The Feed (2010) – By Nic Brown

In the past decade, reality television has taken over. From “Survivor” to “Hell’s Kitchen” you can’t flip the channels without landing on one these programs. Who can blame the media for jumping on the trend of reality programming? People complain that their favorite real shows are cut and that there are more of the reality-based shows, but at the end of the day they are cheaper to make and more importantly, people flock to watch them. Among the myriad of different types of reality programming available there is one type of show that has proven to be both popular and resilient – paranormal investigation shows. The SyFy channel’s “Ghost Hunters” program has been going strong for over seven years with numerous spin-offs and copies now permeating the airwaves. Whether you believe in the supernatural or not, there is something intriguing about these shows: dark, deserted locations; night vision cameras; and interesting ‘tech-toys’ geared for recording phenomenon that cannot be explained. Usually the extent of the encounters is a blotch in a photo, an unclear voice in a recording or a strange knock heard just off camera. But what if one of these shows actually found something? What if they didn’t just find something in terms of empirical evidence? What if they found a malevolent force that isn’t just making itself known? What if it was also bent on killing them? Director and co-writer Steve Gibson asks those questions and more with his independent film THE FEED.

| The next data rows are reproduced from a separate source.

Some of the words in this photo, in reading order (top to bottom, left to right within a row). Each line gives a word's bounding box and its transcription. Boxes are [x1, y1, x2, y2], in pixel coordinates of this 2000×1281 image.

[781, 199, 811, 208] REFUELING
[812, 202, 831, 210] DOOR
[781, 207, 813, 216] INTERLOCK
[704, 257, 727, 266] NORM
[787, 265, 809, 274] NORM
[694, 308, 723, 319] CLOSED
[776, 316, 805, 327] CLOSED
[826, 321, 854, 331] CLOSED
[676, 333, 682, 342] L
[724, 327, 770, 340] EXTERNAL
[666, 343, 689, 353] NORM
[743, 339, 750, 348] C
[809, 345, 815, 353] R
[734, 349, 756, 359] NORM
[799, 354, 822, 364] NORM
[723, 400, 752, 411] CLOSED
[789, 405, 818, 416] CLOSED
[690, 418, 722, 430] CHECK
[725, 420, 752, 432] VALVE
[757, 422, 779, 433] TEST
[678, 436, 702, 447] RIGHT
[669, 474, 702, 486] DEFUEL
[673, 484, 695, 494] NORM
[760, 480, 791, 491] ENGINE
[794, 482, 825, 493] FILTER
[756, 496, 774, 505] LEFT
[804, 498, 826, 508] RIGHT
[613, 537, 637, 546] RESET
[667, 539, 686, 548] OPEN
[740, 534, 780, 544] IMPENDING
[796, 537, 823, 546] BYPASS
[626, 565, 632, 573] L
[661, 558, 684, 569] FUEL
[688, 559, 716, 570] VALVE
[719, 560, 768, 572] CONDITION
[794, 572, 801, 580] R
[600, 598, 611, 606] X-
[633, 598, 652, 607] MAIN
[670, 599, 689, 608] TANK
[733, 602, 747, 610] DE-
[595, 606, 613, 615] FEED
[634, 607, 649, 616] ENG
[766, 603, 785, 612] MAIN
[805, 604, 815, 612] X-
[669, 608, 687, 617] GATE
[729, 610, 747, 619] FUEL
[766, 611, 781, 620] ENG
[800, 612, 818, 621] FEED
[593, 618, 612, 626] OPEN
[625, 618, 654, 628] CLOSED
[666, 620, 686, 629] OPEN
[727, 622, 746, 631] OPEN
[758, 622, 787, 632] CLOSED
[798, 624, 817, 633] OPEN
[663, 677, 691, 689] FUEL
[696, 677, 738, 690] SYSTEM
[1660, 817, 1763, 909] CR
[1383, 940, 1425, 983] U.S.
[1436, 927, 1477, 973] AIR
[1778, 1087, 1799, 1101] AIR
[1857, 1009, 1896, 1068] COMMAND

THE FEED follows a popular ghost hunting reality show called “Ghost Chasers” as they set up a live investigation at a reportedly haunted theater in Pennsylvania. The show starts out normally with a short documentary style introduction to the old movie house and its somewhat grisly history. Then the investigation begins. Like most reality paranormal shows, there is a lot of random wandering around and attempts to collect evidence such as EVPs or photos. Things start getting strange though when the celebrity psychic accompanying the team begins picking up ‘bad vibes’. At first her reactions are good fodder for the show’s ratings, but then she is attacked by an unseen force that leaves welts on her skin and shakes her so badly she must leave the building. Other things begin happening; doors slam, actual apparitions begin appearing on surveillance cameras and the team quickly begins to lose control of the situation, as the spirits in the theater even prevent them from going to commercial break. The old adage “be careful what you wish for” comes to mind as the team realizes that the spirits they were searching for are now hunting them, with blood on their minds.

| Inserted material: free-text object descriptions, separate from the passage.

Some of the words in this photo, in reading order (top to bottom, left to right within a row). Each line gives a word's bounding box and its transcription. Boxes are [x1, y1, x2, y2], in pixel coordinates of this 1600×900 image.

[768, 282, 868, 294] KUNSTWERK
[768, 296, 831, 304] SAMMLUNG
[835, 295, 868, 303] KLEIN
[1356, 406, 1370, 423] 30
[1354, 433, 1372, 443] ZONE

THE FEED is a well made supernatural thriller. The movie airs exactly as if the viewer were watching a live broadcast of a TV show, including commercials. The commercials are an interesting addition to the movie. While they are not overtly done for comedy, they do parody everything from ambulance-chasing lawyers (great cameo by Troma’s Lloyd Kaufman) to pharmacies hawking prescription drugs. The film also captures the feel of many of the ‘real’ reality shows in the genre: shaky camera work, stretches where nothing happens punctuated with bursts of excitement and lots of night vision-green camera work.

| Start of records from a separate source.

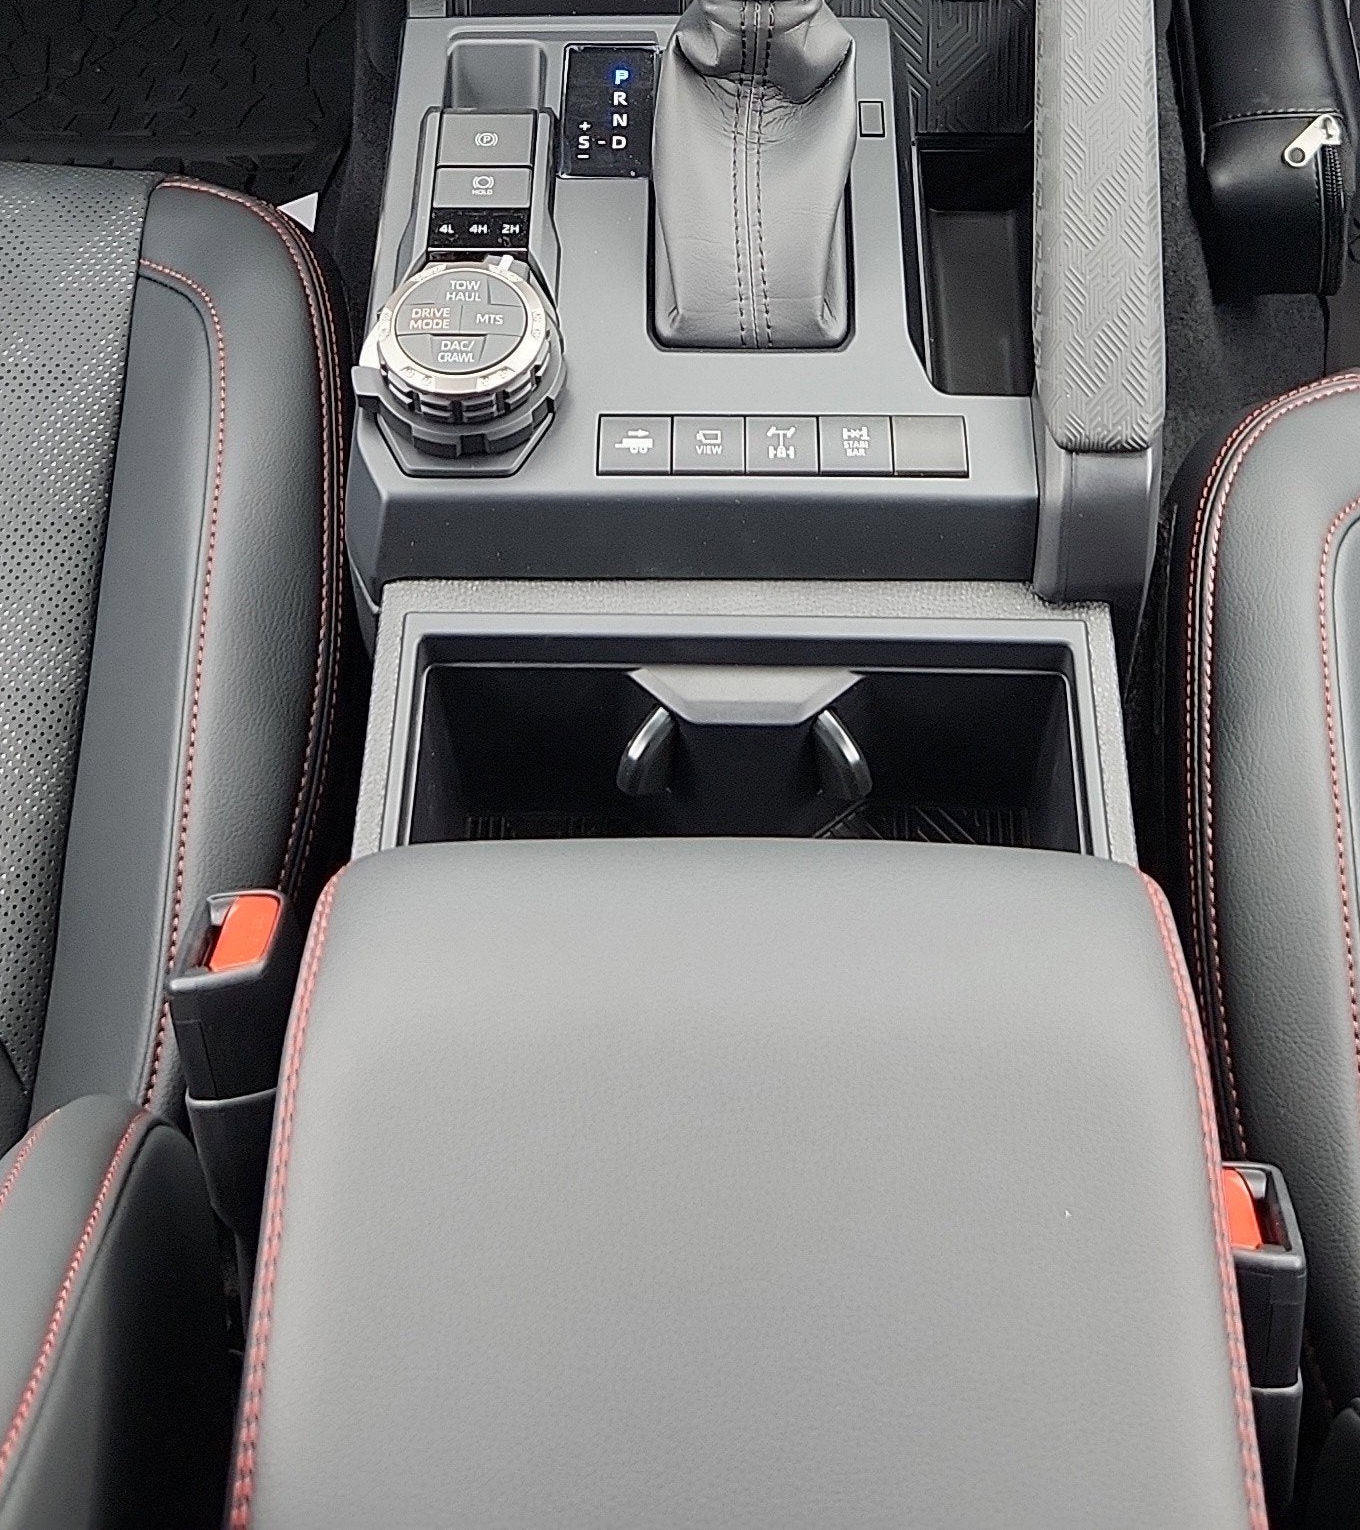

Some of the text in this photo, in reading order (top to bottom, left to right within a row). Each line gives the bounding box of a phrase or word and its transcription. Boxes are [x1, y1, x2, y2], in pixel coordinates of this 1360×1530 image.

[614, 70, 629, 85] P
[613, 91, 628, 106] R
[612, 113, 628, 127] N
[578, 135, 590, 149] S
[611, 135, 627, 149] D
[472, 188, 493, 196] HOLD
[439, 224, 455, 234] 4L
[469, 224, 488, 234] 4H
[501, 224, 520, 234] 2H
[449, 280, 480, 291] TOW
[445, 291, 482, 302] HAUL
[411, 307, 451, 318] DRIVE
[409, 319, 450, 330] MODE
[476, 313, 504, 325] MTS
[440, 340, 474, 351] DAC/
[437, 351, 475, 363] CRAWL
[695, 443, 723, 455] VIEW
[846, 448, 866, 457] BAR

THE FEED is reminiscent of THE BLAIR WITCH PROJECT in its style, but with more meat for the viewers to enjoy. The special effects for the apparitions are OK, but the film does a great job of limiting those and letting a lot of the actual horror occur off camera so it is up to the viewer’s imagination. One extremely creepy scene involves the investigators climbing into a crawlspace near the projection booth. That sequence and what they find are particularly well done and help the film generate some genuine scares. Made for a reported budget of just $15,000, THE FEED feels like it should have cost more. The location is excellent and the actors, if not always of Shakespearian quality, are perfect for their roles as reality TV hosts. Although the story is simple and some of the film’s intended surprises are painfully predictable, overall the movie is fun to watch. So if you’re tired of reality TV, check out some un-real-reality filmmaking with THE FEED, but remember once you’ve tuned in, you may not be able to tune out.